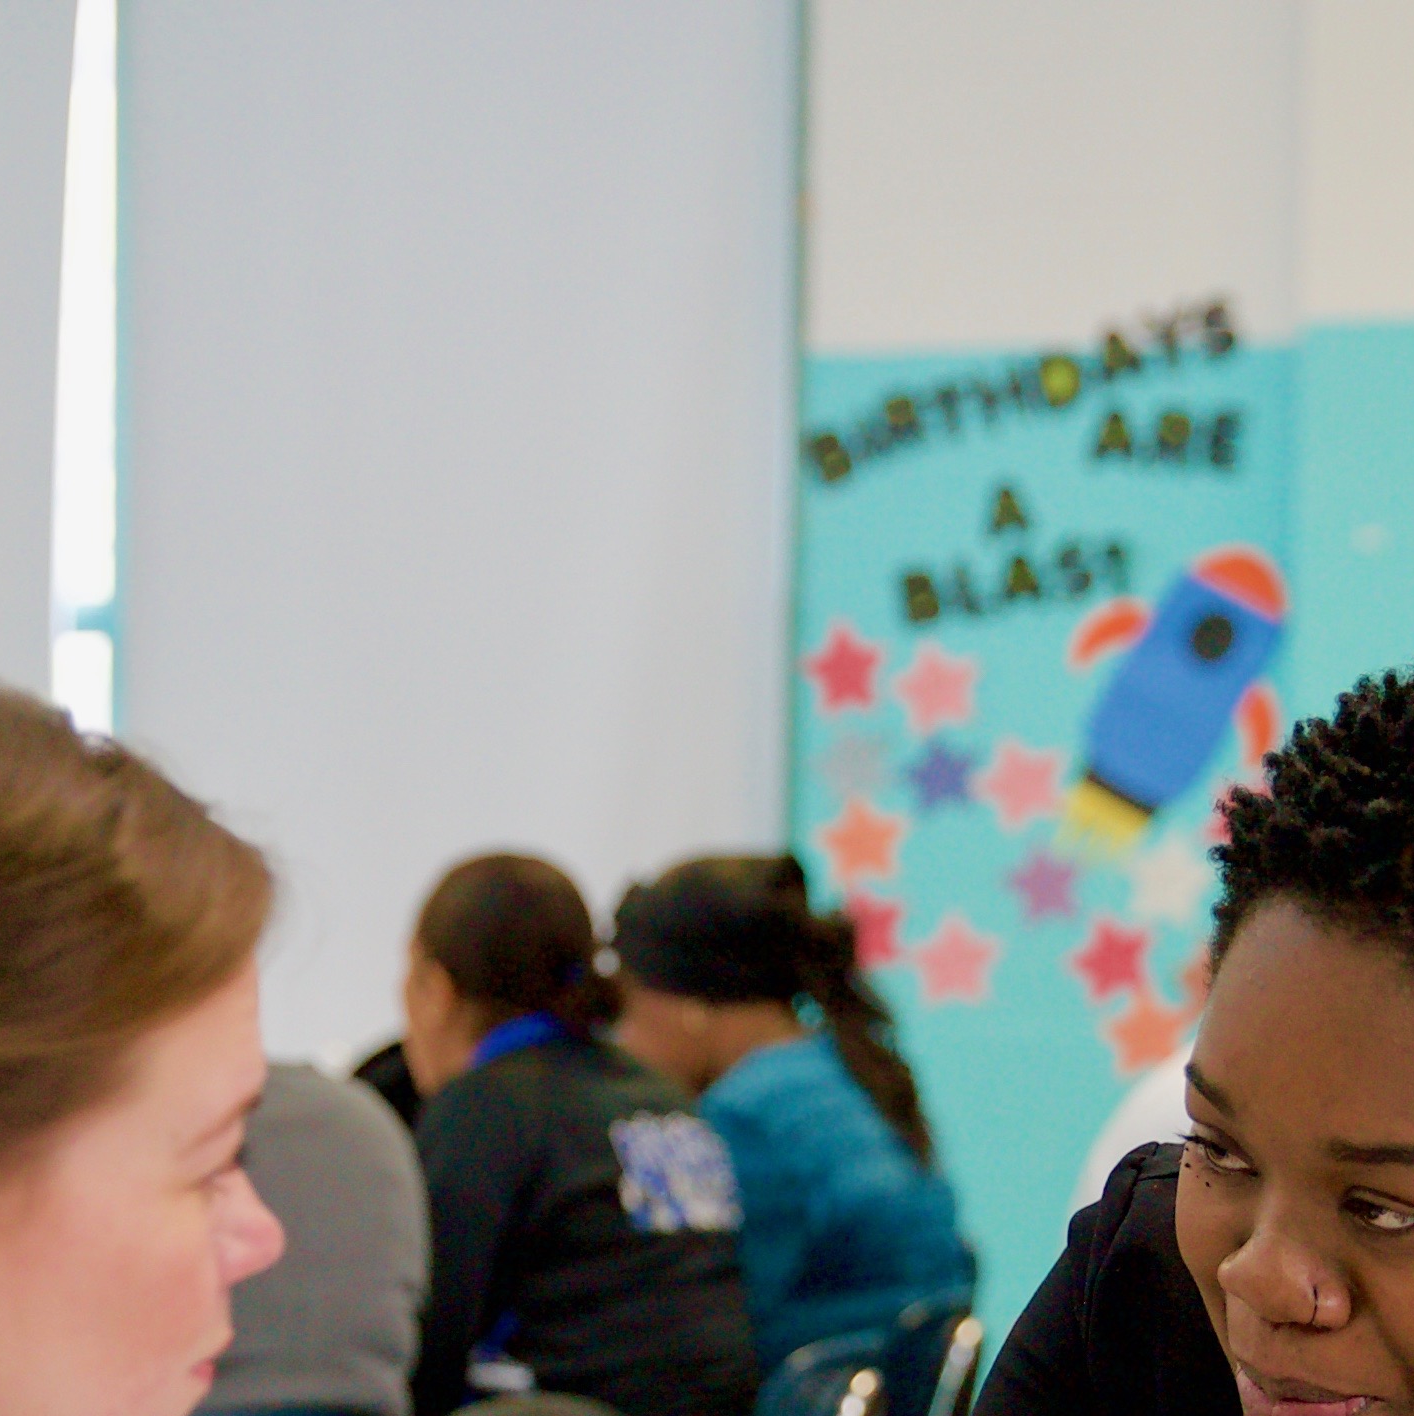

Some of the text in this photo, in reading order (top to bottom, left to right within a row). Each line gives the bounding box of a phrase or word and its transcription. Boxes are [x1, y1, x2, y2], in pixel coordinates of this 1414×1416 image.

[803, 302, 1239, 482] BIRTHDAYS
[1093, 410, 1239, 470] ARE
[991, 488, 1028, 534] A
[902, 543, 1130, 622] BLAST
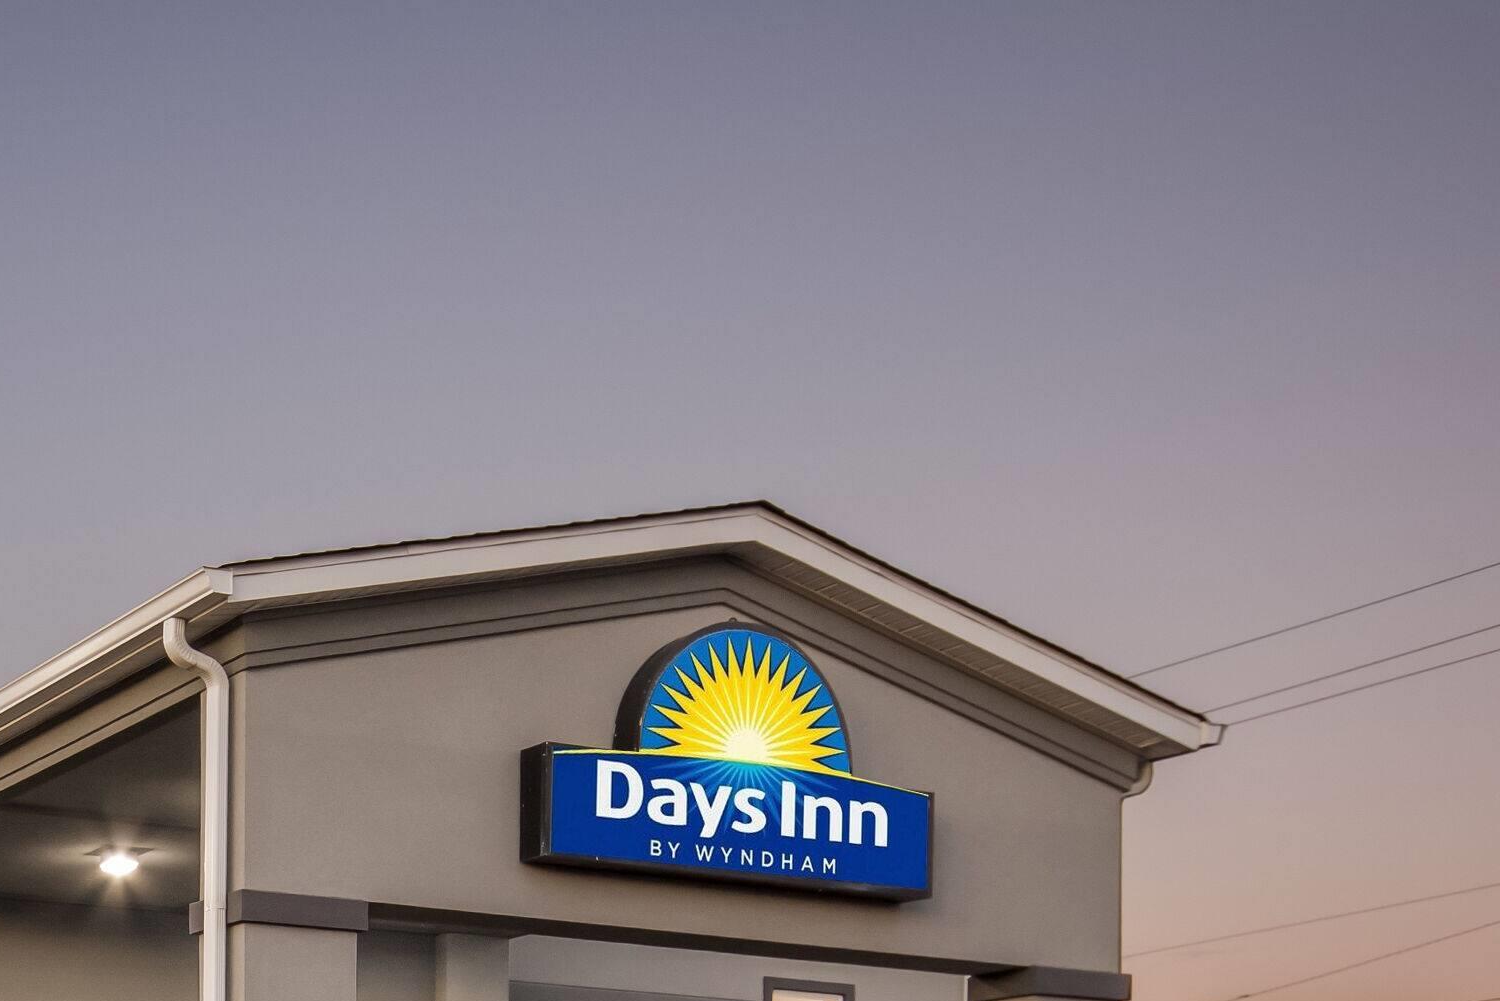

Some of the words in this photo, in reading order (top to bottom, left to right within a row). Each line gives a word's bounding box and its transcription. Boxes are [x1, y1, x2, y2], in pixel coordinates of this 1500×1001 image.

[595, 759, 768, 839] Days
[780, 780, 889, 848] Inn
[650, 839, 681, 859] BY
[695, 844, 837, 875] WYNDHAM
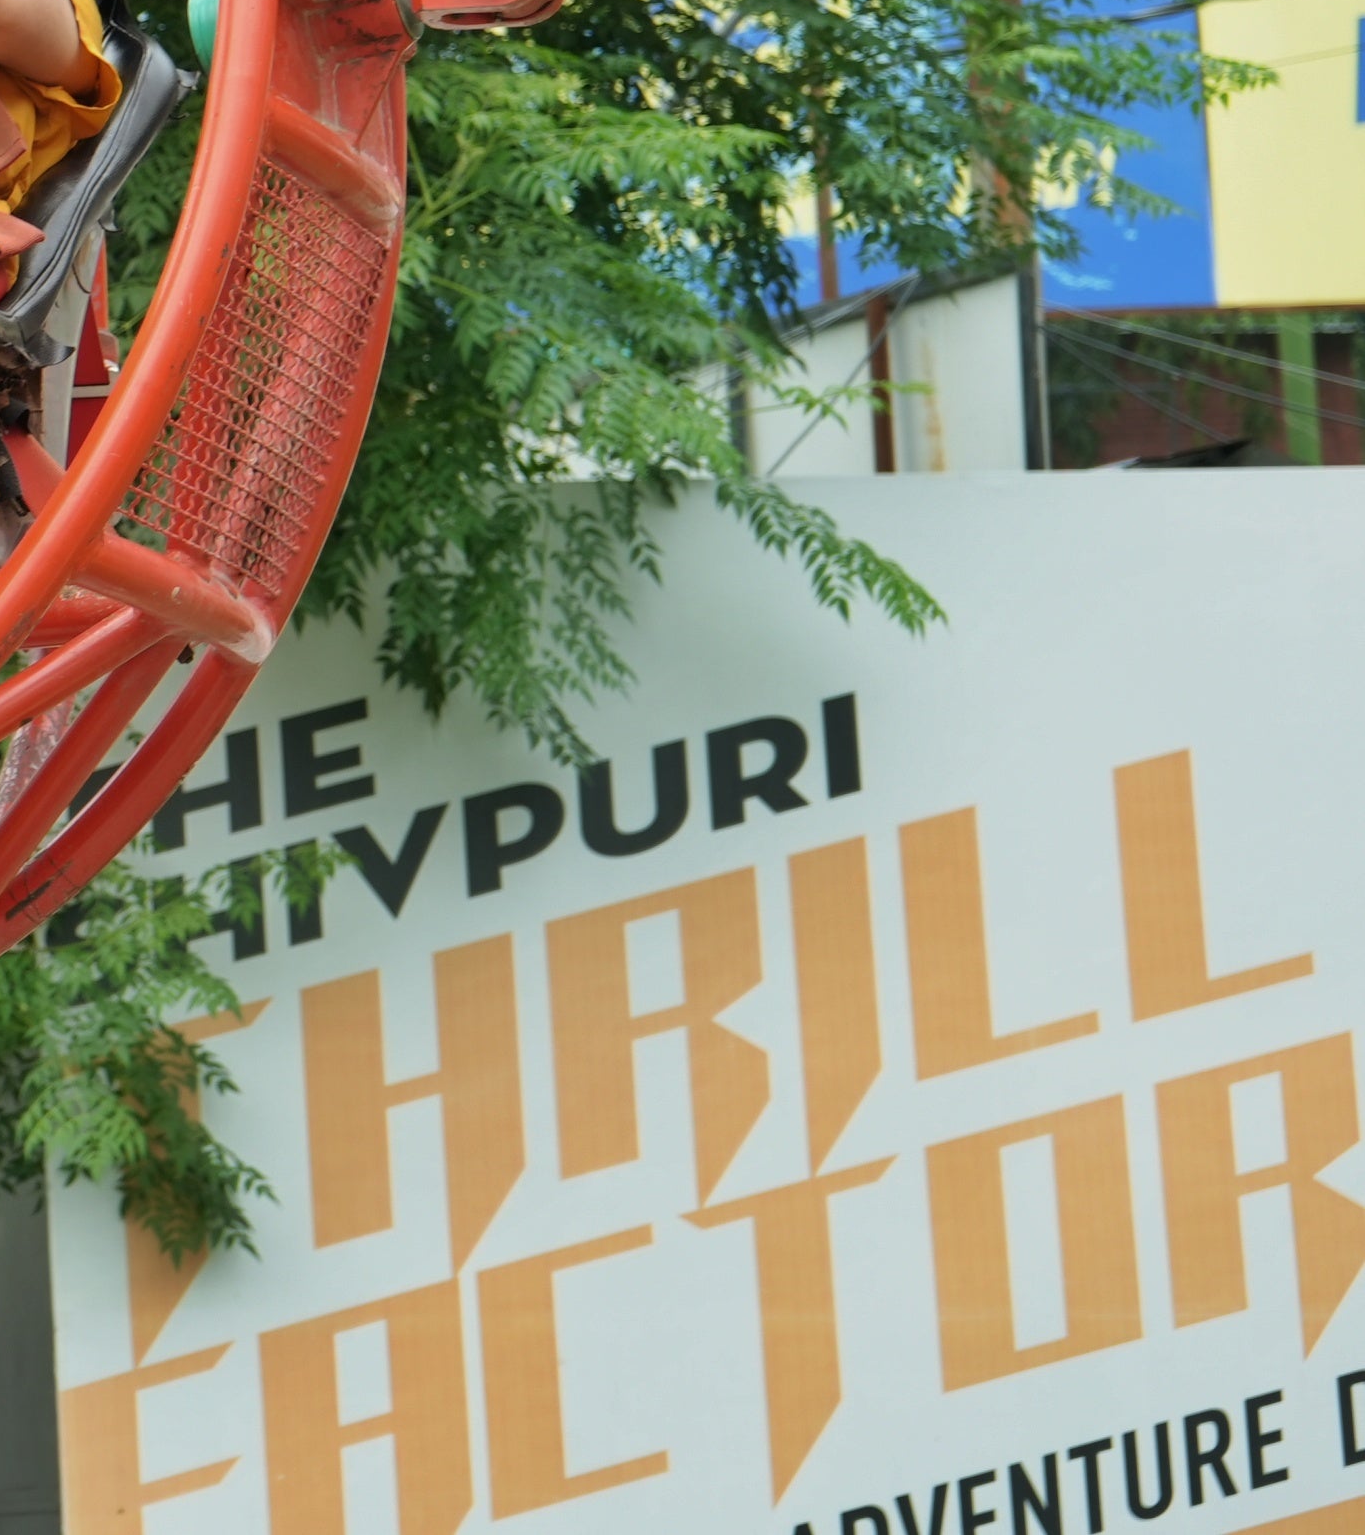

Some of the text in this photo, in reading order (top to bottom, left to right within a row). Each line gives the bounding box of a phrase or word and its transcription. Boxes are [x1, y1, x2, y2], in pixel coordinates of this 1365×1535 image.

···

-- BRIEF --
Your reply should repeat the entries above exactly, leaving the pictures out.

-- EXERCISE SOLUTION --
Some of the text in this photo, in reading order (top to bottom, left to right within a row). Each line gives the bounding box of a phrase or word and its transcription. Boxes are [x1, y1, x2, y2], in pixel coordinates of this 1414×1416 image.

[803, 302, 1239, 482] BIRTHDAYS
[1093, 410, 1239, 470] ARE
[991, 488, 1028, 534] A
[902, 543, 1130, 622] BLAST

Some of the words in this photo, in reading order (top to bottom, left to right within a row). Each line gives a word's bounding box and its transcription. Boxes are [x1, y1, x2, y2], in pixel coordinates of this 1500×1001 image.

[595, 759, 768, 839] Days
[780, 780, 889, 848] Inn
[650, 839, 681, 859] BY
[695, 844, 837, 875] WYNDHAM

Some of the text in this photo, in reading order (top to bottom, left to right within a row). Each line gives the bounding box of a phrase or word and its transcription. Boxes are [x1, y1, x2, y2], in pixel coordinates of this 1365×1535 image.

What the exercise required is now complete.